Microsoft to Bundle Anti-Spyware App With Windows
Microsoft said Friday that it plans to bundle its "Windows Anti-Spyware" tool with Windows Vista, the chronically delayed next version of the company's operating system. Microsoft also decided to rename the program "Windows Defender," in part to give it "a more positive name."
The announcement, like others of late, was posted on one of the numerous blogs on Microsoft's site that catalog the daily doings of the software giant's many technical divisions.
But this news -- for me, anyway -- was more than just a press release issued via a breezy blog post. It offered a glimpse of something Redmond hinted it was going to do years ago, but which has only recently become more of a reality: ship antivirus and anti-spyware updates to hundreds of millions of Windows computers every day through its Windows/Microsoft Update feature.

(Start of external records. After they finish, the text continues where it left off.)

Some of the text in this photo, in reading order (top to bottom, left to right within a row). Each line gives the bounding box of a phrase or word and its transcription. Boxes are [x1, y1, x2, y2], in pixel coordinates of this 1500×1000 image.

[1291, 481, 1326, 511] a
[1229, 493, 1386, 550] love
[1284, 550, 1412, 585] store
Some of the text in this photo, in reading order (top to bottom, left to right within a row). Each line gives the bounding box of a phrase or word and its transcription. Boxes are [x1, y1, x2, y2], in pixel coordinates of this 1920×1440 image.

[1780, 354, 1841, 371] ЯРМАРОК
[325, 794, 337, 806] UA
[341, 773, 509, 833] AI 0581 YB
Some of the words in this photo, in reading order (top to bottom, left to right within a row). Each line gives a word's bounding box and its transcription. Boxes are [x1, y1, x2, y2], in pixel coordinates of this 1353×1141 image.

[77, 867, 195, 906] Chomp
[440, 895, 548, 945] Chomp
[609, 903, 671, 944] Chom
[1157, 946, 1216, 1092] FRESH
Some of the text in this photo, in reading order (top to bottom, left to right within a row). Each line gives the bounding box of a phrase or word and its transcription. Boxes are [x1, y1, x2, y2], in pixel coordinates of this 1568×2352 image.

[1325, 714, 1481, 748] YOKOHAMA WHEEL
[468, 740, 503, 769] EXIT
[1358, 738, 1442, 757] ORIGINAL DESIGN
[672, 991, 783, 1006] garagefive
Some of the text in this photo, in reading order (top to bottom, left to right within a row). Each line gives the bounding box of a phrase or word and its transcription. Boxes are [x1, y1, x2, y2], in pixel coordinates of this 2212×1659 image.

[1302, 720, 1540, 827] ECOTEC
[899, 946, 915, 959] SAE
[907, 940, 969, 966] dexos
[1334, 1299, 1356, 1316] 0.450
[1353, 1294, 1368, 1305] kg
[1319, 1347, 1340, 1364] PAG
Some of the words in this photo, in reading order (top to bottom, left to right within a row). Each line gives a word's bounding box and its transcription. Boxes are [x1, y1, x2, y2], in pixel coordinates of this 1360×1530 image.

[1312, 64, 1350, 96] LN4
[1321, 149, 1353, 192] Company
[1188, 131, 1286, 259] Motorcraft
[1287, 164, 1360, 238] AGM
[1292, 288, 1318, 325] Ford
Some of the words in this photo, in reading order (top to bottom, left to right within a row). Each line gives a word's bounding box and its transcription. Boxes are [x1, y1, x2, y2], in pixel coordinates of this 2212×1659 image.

In truth, the company has been warming users to this idea for some time. Microsoft began using its updater in January to install and then update its "malicious software removal tool," which is designed to help people clean up infections from some of the most pervasive bots, viruses, worms and rootkits (sadly, it does not remove Sony's program).
Because the removal tool does not offer real-time virus protection and only runs when the user manually starts it, the tool is therefore not a substitute for antivirus or anti-spyware software. Still, the company has updated the tool each month, and it now detects and removes about 50 families of nasties (worms and viruses can have hundreds of variants).
The company is beta-testing its Windows OneCare product, which it will eventually market as a service that provides a new firewall along with antivirus and anti-spyware services. No word yet on how it will be marketed or how much people would be asked to pay for updates.
I doubt I would ever pay the company to ship me daily antivirus updates. I'd just as soon not get my security software from the same people who wrote the buggy code to begin with. However, there are millions of people for whom just running antivirus, anti-spyware and firewall software is too much to bother with. For them, this should be an extremely positive development, and the Internet on the whole will probably be a safer place because of it.
I just hope Microsoft dedicates the necessary resources to beefing up the bandwidth behind its update servers, which at times can be rather slow to push out monthly security patches -- let alone daily updates.
While I was poking around Microsoft's Technet blogs area, I spotted one more post on this topic by Steve Dodson. According to Dodson, users of Defender "will be able to run another spyware product instead. ... Although I may shed a small tear, you will be able to disable or turn off Windows Defender and install whichever 3rd party anti-spyware application you would like."
I suspect this will be the case also with any security program shipped with Windows Vista, if for no other reason than to keep the anti-virus companies -- who are already gearing up for a fight in Europe -- from accusing Microsoft of trying to use monopolist power to crush the wildly profitable industry.
I spoke with someone from Microsoft roughly a year ago who told me privately that the company would gladly give away its antivirus product were it not for the potential legal fallout. Just how truthful that statement was I really don't know, but it makes sense on a lot of levels: By making the software free, the company would look good for protecting its customers, potentially lower its support costs, and help diminish the impact (and bad press) from virus and worm outbreaks.